**Problem requirements**
Here are some records; return them all exactly.
________
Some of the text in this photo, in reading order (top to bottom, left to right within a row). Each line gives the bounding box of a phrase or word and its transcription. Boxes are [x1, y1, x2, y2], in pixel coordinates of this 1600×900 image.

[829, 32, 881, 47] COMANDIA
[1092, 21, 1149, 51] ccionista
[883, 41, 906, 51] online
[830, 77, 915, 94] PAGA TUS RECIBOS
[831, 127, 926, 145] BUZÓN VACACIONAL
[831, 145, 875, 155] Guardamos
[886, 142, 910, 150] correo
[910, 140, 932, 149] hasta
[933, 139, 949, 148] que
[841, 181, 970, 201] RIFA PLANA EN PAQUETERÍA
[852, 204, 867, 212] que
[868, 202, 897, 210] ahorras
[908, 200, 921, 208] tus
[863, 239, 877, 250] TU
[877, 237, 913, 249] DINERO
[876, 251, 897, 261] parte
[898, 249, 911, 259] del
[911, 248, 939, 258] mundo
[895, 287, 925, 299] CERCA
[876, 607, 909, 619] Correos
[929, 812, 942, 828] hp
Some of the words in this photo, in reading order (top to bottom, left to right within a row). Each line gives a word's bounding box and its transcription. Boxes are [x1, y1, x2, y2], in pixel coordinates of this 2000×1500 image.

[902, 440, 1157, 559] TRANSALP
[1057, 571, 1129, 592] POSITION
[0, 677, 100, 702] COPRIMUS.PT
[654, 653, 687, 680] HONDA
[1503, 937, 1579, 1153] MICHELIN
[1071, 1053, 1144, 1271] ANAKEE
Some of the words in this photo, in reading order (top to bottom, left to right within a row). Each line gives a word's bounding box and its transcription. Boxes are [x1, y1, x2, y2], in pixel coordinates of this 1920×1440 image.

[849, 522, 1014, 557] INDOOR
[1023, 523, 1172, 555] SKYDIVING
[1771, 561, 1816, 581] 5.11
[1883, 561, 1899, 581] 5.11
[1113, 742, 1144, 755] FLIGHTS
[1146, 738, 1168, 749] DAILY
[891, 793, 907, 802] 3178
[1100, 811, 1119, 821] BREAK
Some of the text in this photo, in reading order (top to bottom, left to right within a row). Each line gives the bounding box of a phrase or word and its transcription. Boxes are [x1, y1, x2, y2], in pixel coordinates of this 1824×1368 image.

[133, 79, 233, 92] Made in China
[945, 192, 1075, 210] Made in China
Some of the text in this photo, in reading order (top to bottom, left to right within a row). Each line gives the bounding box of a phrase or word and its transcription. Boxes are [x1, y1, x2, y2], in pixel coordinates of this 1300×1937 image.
________
**Response**
Some of the text in this photo, in reading order (top to bottom, left to right within a row). Each line gives the bounding box of a phrase or word and its transcription. Boxes are [x1, y1, x2, y2], in pixel coordinates of this 1600×900 image.

[829, 32, 881, 47] COMANDIA
[1092, 21, 1149, 51] ccionista
[883, 41, 906, 51] online
[830, 77, 915, 94] PAGA TUS RECIBOS
[831, 127, 926, 145] BUZÓN VACACIONAL
[831, 145, 875, 155] Guardamos
[886, 142, 910, 150] correo
[910, 140, 932, 149] hasta
[933, 139, 949, 148] que
[841, 181, 970, 201] RIFA PLANA EN PAQUETERÍA
[852, 204, 867, 212] que
[868, 202, 897, 210] ahorras
[908, 200, 921, 208] tus
[863, 239, 877, 250] TU
[877, 237, 913, 249] DINERO
[876, 251, 897, 261] parte
[898, 249, 911, 259] del
[911, 248, 939, 258] mundo
[895, 287, 925, 299] CERCA
[876, 607, 909, 619] Correos
[929, 812, 942, 828] hp
Some of the words in this photo, in reading order (top to bottom, left to right within a row). Each line gives a word's bounding box and its transcription. Boxes are [x1, y1, x2, y2], in pixel coordinates of this 2000×1500 image.

[902, 440, 1157, 559] TRANSALP
[1057, 571, 1129, 592] POSITION
[0, 677, 100, 702] COPRIMUS.PT
[654, 653, 687, 680] HONDA
[1503, 937, 1579, 1153] MICHELIN
[1071, 1053, 1144, 1271] ANAKEE
Some of the words in this photo, in reading order (top to bottom, left to right within a row). Each line gives a word's bounding box and its transcription. Boxes are [x1, y1, x2, y2], in pixel coordinates of this 1920×1440 image.

[849, 522, 1014, 557] INDOOR
[1023, 523, 1172, 555] SKYDIVING
[1771, 561, 1816, 581] 5.11
[1883, 561, 1899, 581] 5.11
[1113, 742, 1144, 755] FLIGHTS
[1146, 738, 1168, 749] DAILY
[891, 793, 907, 802] 3178
[1100, 811, 1119, 821] BREAK
Some of the text in this photo, in reading order (top to bottom, left to right within a row). Each line gives the bounding box of a phrase or word and its transcription. Boxes are [x1, y1, x2, y2], in pixel coordinates of this 1824×1368 image.

[133, 79, 233, 92] Made in China
[945, 192, 1075, 210] Made in China
Some of the text in this photo, in reading order (top to bottom, left to right within a row). Each line gives the bounding box of a phrase or word and its transcription. Boxes are [x1, y1, x2, y2], in pixel coordinates of this 1300×1937 image.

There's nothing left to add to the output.